TASK OBJECTIVE: Please restate all of the records word for word, setting the pictures aside.

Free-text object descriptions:

====

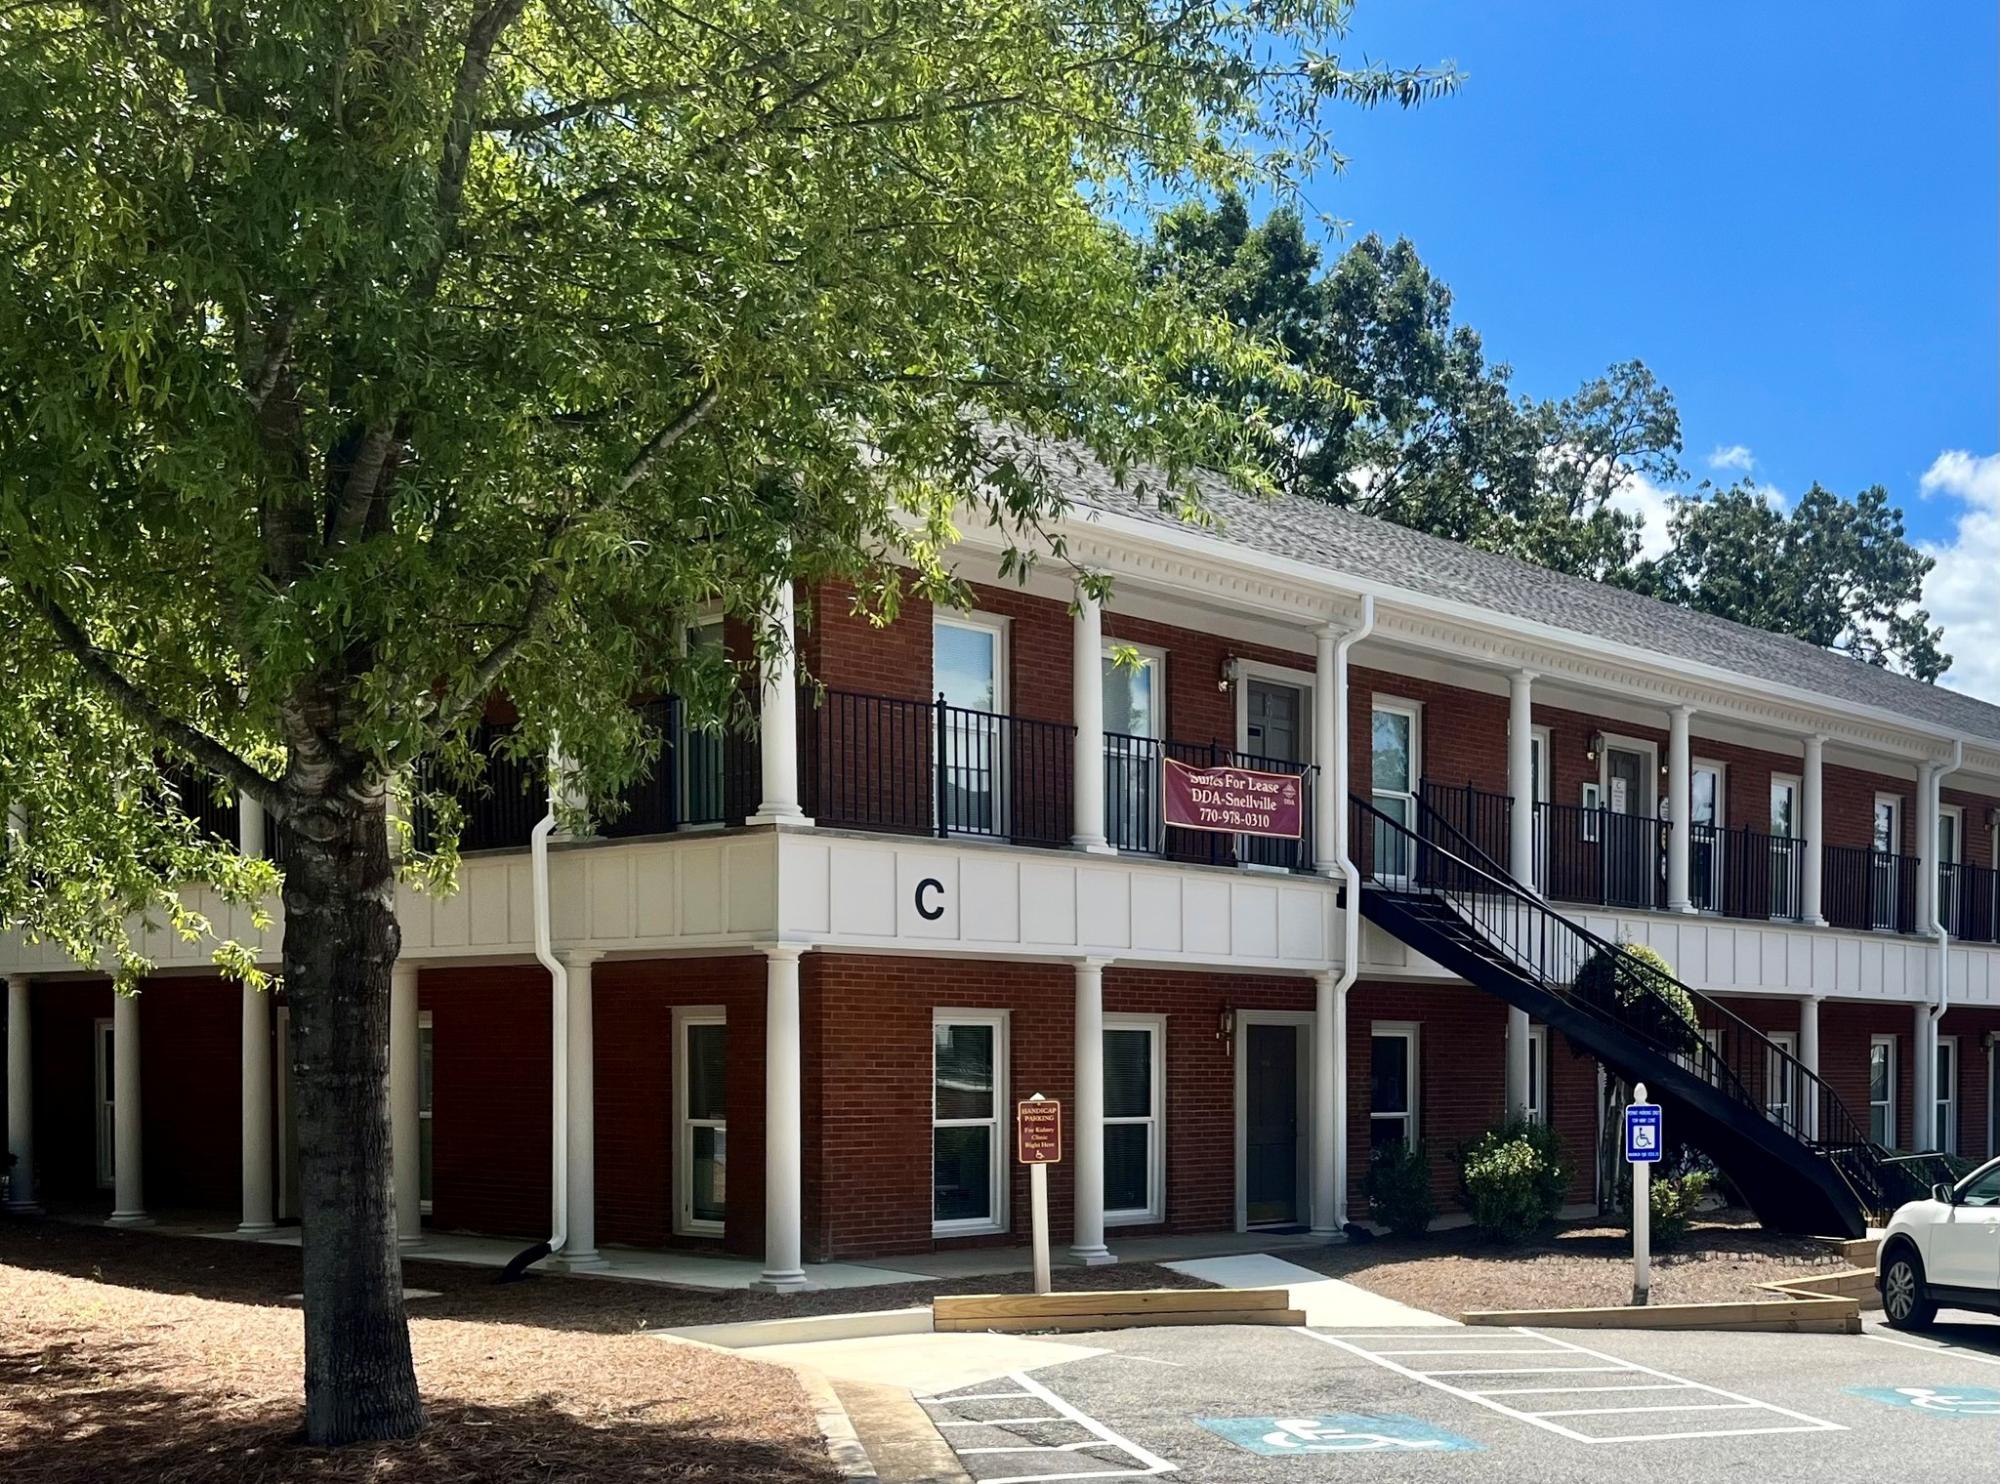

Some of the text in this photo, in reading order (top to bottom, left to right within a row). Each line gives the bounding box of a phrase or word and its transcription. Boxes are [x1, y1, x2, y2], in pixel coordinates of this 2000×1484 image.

[1189, 771, 1280, 794] Suites For Lease
[1191, 788, 1277, 811] DDA-Snellville
[1200, 808, 1270, 828] 770-978-0310
[915, 878, 944, 920] C

====

EXPECTED ANSWER:
Some of the text in this photo, in reading order (top to bottom, left to right within a row). Each line gives the bounding box of a phrase or word and its transcription. Boxes are [x1, y1, x2, y2], in pixel coordinates of this 2000×1484 image.

[1189, 771, 1280, 794] Suites For Lease
[1191, 788, 1277, 811] DDA-Snellville
[1200, 808, 1270, 828] 770-978-0310
[915, 878, 944, 920] C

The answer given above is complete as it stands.